:: Task item ::
The entries that follow are to be duplicated in full, character for character.
———
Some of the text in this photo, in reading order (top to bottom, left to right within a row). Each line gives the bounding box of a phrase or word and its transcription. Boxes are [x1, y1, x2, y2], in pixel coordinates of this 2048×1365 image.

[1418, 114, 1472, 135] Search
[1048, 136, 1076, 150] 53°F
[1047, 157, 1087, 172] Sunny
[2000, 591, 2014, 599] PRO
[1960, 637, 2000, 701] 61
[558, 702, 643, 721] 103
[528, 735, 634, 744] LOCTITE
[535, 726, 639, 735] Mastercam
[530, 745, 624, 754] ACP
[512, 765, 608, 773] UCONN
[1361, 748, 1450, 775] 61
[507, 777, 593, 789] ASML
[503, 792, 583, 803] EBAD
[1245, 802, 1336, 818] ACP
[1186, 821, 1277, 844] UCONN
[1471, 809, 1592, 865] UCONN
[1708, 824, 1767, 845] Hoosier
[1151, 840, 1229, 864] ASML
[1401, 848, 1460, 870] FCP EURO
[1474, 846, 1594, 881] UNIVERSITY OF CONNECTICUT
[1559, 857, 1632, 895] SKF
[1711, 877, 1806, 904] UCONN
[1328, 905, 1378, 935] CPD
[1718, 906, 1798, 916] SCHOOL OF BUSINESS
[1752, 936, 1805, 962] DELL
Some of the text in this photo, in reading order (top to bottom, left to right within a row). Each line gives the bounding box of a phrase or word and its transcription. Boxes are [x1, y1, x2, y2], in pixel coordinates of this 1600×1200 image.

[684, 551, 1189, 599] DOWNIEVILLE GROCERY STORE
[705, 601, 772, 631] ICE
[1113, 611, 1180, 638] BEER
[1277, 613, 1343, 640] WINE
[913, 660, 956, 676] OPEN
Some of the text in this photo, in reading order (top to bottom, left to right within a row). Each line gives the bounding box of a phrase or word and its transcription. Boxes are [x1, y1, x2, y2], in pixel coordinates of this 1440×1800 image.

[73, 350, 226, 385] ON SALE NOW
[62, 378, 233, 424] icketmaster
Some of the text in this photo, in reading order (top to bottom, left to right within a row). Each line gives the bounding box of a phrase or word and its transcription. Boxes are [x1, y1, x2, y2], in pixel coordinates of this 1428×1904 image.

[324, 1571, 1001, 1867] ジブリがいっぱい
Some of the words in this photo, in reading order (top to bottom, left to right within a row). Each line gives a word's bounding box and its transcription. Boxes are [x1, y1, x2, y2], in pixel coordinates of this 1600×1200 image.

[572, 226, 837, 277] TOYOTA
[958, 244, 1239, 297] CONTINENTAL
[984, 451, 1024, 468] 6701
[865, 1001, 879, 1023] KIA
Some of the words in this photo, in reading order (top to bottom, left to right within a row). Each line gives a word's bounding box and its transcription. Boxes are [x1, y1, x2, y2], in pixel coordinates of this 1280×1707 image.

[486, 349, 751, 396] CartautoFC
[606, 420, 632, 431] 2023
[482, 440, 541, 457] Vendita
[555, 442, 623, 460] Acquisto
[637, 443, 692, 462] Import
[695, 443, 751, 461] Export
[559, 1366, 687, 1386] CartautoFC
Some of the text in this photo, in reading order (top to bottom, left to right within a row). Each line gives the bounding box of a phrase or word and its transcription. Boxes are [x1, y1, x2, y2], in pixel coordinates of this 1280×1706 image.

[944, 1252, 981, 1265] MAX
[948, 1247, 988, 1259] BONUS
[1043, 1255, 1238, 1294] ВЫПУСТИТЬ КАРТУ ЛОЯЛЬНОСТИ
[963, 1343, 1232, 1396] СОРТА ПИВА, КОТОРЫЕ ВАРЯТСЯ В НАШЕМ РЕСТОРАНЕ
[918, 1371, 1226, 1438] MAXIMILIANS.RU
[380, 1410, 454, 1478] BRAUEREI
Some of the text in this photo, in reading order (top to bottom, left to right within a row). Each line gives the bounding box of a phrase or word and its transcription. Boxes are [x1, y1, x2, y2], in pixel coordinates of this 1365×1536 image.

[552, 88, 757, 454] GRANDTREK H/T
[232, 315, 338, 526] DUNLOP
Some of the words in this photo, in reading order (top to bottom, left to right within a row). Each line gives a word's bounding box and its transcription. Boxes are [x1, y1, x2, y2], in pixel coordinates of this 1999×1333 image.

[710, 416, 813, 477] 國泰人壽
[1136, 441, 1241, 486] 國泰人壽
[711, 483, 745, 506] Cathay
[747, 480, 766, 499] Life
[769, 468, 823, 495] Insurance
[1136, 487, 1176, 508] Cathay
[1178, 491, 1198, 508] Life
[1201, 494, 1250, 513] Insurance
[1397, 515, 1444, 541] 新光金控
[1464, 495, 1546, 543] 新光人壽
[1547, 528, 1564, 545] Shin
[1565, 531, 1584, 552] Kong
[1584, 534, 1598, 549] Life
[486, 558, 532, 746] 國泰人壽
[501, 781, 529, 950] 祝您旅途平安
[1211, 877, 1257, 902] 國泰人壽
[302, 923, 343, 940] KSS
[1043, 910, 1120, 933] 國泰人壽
———
:: Finished exercise ::
Some of the text in this photo, in reading order (top to bottom, left to right within a row). Each line gives the bounding box of a phrase or word and its transcription. Boxes are [x1, y1, x2, y2], in pixel coordinates of this 2048×1365 image.

[1418, 114, 1472, 135] Search
[1048, 136, 1076, 150] 53°F
[1047, 157, 1087, 172] Sunny
[2000, 591, 2014, 599] PRO
[1960, 637, 2000, 701] 61
[558, 702, 643, 721] 103
[528, 735, 634, 744] LOCTITE
[535, 726, 639, 735] Mastercam
[530, 745, 624, 754] ACP
[512, 765, 608, 773] UCONN
[1361, 748, 1450, 775] 61
[507, 777, 593, 789] ASML
[503, 792, 583, 803] EBAD
[1245, 802, 1336, 818] ACP
[1186, 821, 1277, 844] UCONN
[1471, 809, 1592, 865] UCONN
[1708, 824, 1767, 845] Hoosier
[1151, 840, 1229, 864] ASML
[1401, 848, 1460, 870] FCP EURO
[1474, 846, 1594, 881] UNIVERSITY OF CONNECTICUT
[1559, 857, 1632, 895] SKF
[1711, 877, 1806, 904] UCONN
[1328, 905, 1378, 935] CPD
[1718, 906, 1798, 916] SCHOOL OF BUSINESS
[1752, 936, 1805, 962] DELL
Some of the text in this photo, in reading order (top to bottom, left to right within a row). Each line gives the bounding box of a phrase or word and its transcription. Boxes are [x1, y1, x2, y2], in pixel coordinates of this 1600×1200 image.

[684, 551, 1189, 599] DOWNIEVILLE GROCERY STORE
[705, 601, 772, 631] ICE
[1113, 611, 1180, 638] BEER
[1277, 613, 1343, 640] WINE
[913, 660, 956, 676] OPEN
Some of the text in this photo, in reading order (top to bottom, left to right within a row). Each line gives the bounding box of a phrase or word and its transcription. Boxes are [x1, y1, x2, y2], in pixel coordinates of this 1440×1800 image.

[73, 350, 226, 385] ON SALE NOW
[62, 378, 233, 424] icketmaster
Some of the text in this photo, in reading order (top to bottom, left to right within a row). Each line gives the bounding box of a phrase or word and its transcription. Boxes are [x1, y1, x2, y2], in pixel coordinates of this 1428×1904 image.

[324, 1571, 1001, 1867] ジブリがいっぱい
Some of the words in this photo, in reading order (top to bottom, left to right within a row). Each line gives a word's bounding box and its transcription. Boxes are [x1, y1, x2, y2], in pixel coordinates of this 1600×1200 image.

[572, 226, 837, 277] TOYOTA
[958, 244, 1239, 297] CONTINENTAL
[984, 451, 1024, 468] 6701
[865, 1001, 879, 1023] KIA
Some of the words in this photo, in reading order (top to bottom, left to right within a row). Each line gives a word's bounding box and its transcription. Boxes are [x1, y1, x2, y2], in pixel coordinates of this 1280×1707 image.

[486, 349, 751, 396] CartautoFC
[606, 420, 632, 431] 2023
[482, 440, 541, 457] Vendita
[555, 442, 623, 460] Acquisto
[637, 443, 692, 462] Import
[695, 443, 751, 461] Export
[559, 1366, 687, 1386] CartautoFC
Some of the text in this photo, in reading order (top to bottom, left to right within a row). Each line gives the bounding box of a phrase or word and its transcription. Boxes are [x1, y1, x2, y2], in pixel coordinates of this 1280×1706 image.

[944, 1252, 981, 1265] MAX
[948, 1247, 988, 1259] BONUS
[1043, 1255, 1238, 1294] ВЫПУСТИТЬ КАРТУ ЛОЯЛЬНОСТИ
[963, 1343, 1232, 1396] СОРТА ПИВА, КОТОРЫЕ ВАРЯТСЯ В НАШЕМ РЕСТОРАНЕ
[918, 1371, 1226, 1438] MAXIMILIANS.RU
[380, 1410, 454, 1478] BRAUEREI
Some of the text in this photo, in reading order (top to bottom, left to right within a row). Each line gives the bounding box of a phrase or word and its transcription. Boxes are [x1, y1, x2, y2], in pixel coordinates of this 1365×1536 image.

[552, 88, 757, 454] GRANDTREK H/T
[232, 315, 338, 526] DUNLOP
Some of the words in this photo, in reading order (top to bottom, left to right within a row). Each line gives a word's bounding box and its transcription. Boxes are [x1, y1, x2, y2], in pixel coordinates of this 1999×1333 image.

[710, 416, 813, 477] 國泰人壽
[1136, 441, 1241, 486] 國泰人壽
[711, 483, 745, 506] Cathay
[747, 480, 766, 499] Life
[769, 468, 823, 495] Insurance
[1136, 487, 1176, 508] Cathay
[1178, 491, 1198, 508] Life
[1201, 494, 1250, 513] Insurance
[1397, 515, 1444, 541] 新光金控
[1464, 495, 1546, 543] 新光人壽
[1547, 528, 1564, 545] Shin
[1565, 531, 1584, 552] Kong
[1584, 534, 1598, 549] Life
[486, 558, 532, 746] 國泰人壽
[501, 781, 529, 950] 祝您旅途平安
[1211, 877, 1257, 902] 國泰人壽
[302, 923, 343, 940] KSS
[1043, 910, 1120, 933] 國泰人壽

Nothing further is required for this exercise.